Coldiretti Toscana sottolinea che «L’exploit della passata annata cerealicola con l’aumento delle superfici coltivate (+6%) dopo un lungo periodo di progressive riduzioni, 10 mila ettari in meno in un quinquennio, aveva fatto sperare in un risveglio del granaio regionale anche sulla forte spinta dei contratti di filiera che garantiscono quotazioni sicure agli agricoltori.
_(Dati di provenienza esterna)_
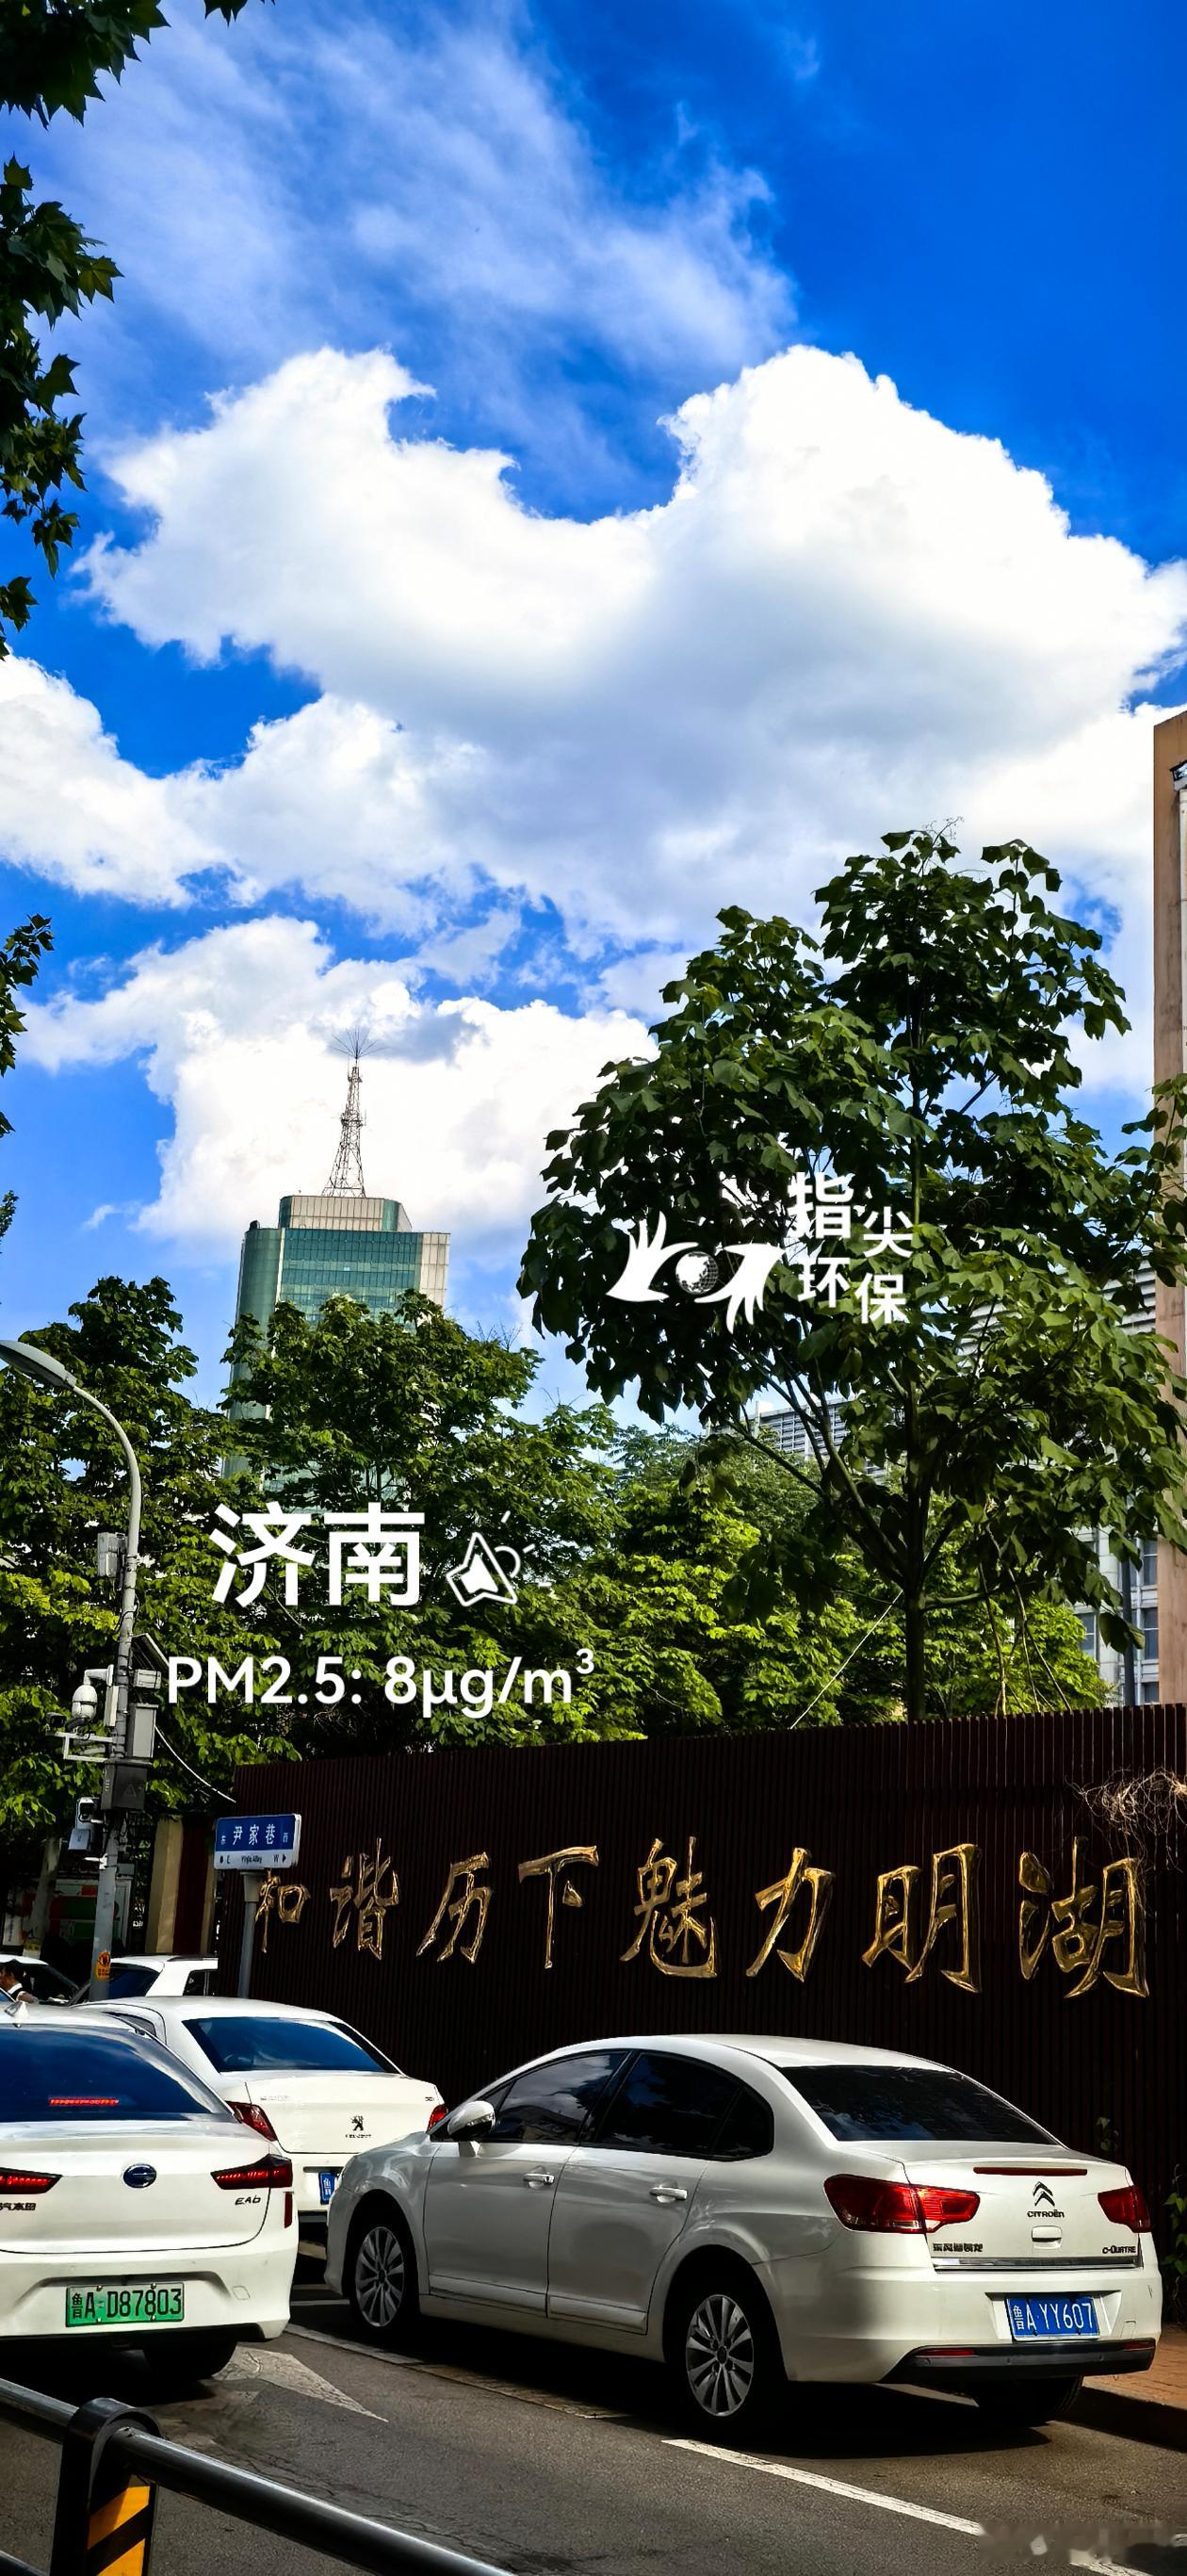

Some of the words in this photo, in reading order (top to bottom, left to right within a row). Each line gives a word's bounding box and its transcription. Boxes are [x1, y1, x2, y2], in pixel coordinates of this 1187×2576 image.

[232, 1823, 276, 1846] 尹家巷
[254, 1836, 1150, 1998] 和谐历下魅力明湖
Ma a tagliare le “gambe” ci si è messo ancora una volta il clima».
Fabio Lombardi, direttore del Consorzio Agrario del Tirreno, conferma: «Prevediamo buone rese nella fascia che da Livorno va fino in Maremma che non sono state interessate dalle persistenti piogge tra ottobre e dicembre che hanno reso invece nella parte nord della regione impossibili lavorare i terreni e seminarli.– Rispetto allo scorso anno gli eventi climatici si sono invertiti: le semine erano avvenute nei tempi ma a rovinare tutto era stata la pioggia tra maggio e giugno che aveva abbassato le rese e favorito lo sviluppo di fitopatie. I cambiamenti climatici hanno avuto, negli ultimi anni, un ruolo determinate nei programmi degli agricoltori che hanno dovuto fare i conti anche con costi di produzione schizzati alle stelle».
E anche in Toscana si accusa l’invasione del grano straniero. Secondo Letizia Cesani, presidente Coldiretti Toscana, «Occorre lavorare uniti per pretendere dal prossimo parlamento Ue una etichetta di origine per tutti i prodotti alimentari comunitari e dire basta alla concorrenza sleale introducendo con decisione il principio di reciprocità per fare in modo che tutti i prodotti che entrano nell’Unione rispettino gli stessi standard dal punto di vista ambientale, sanitario e del rispetto delle norme sul lavoro previsti nel mercato interno anche alla luce degli accordi di libero scambio in discussione. Il grano è un prodotto-driver delle filiere della pasta, un alimento per noi italiani immancabile sulle tavole, che dobbiamo tornare a produrre riconoscendo un prezzo giusto ai nostri agricoltori che non deve mai essere al di sotto dei costi di produzione così come previsto dalla legge contro le pratiche sleali da noi voluta».
Per Coldiretti il modello da seguire è quello dell’accordo siglato nel 2019 tra Filiera Agricola Italiana ed il Pastificio Fabianelli di Castiglione Fiorentino (AR) per la produzione di pasta al 100% toscana che assicura agli agricoltori un prezzo minimo garantito che si trova sempre al di sopra dei costi di produzione. E recentemente quello sottoscritto con lo storico Pastificio Chelucci di Pistoia che valorizza il grano Made in Maremma.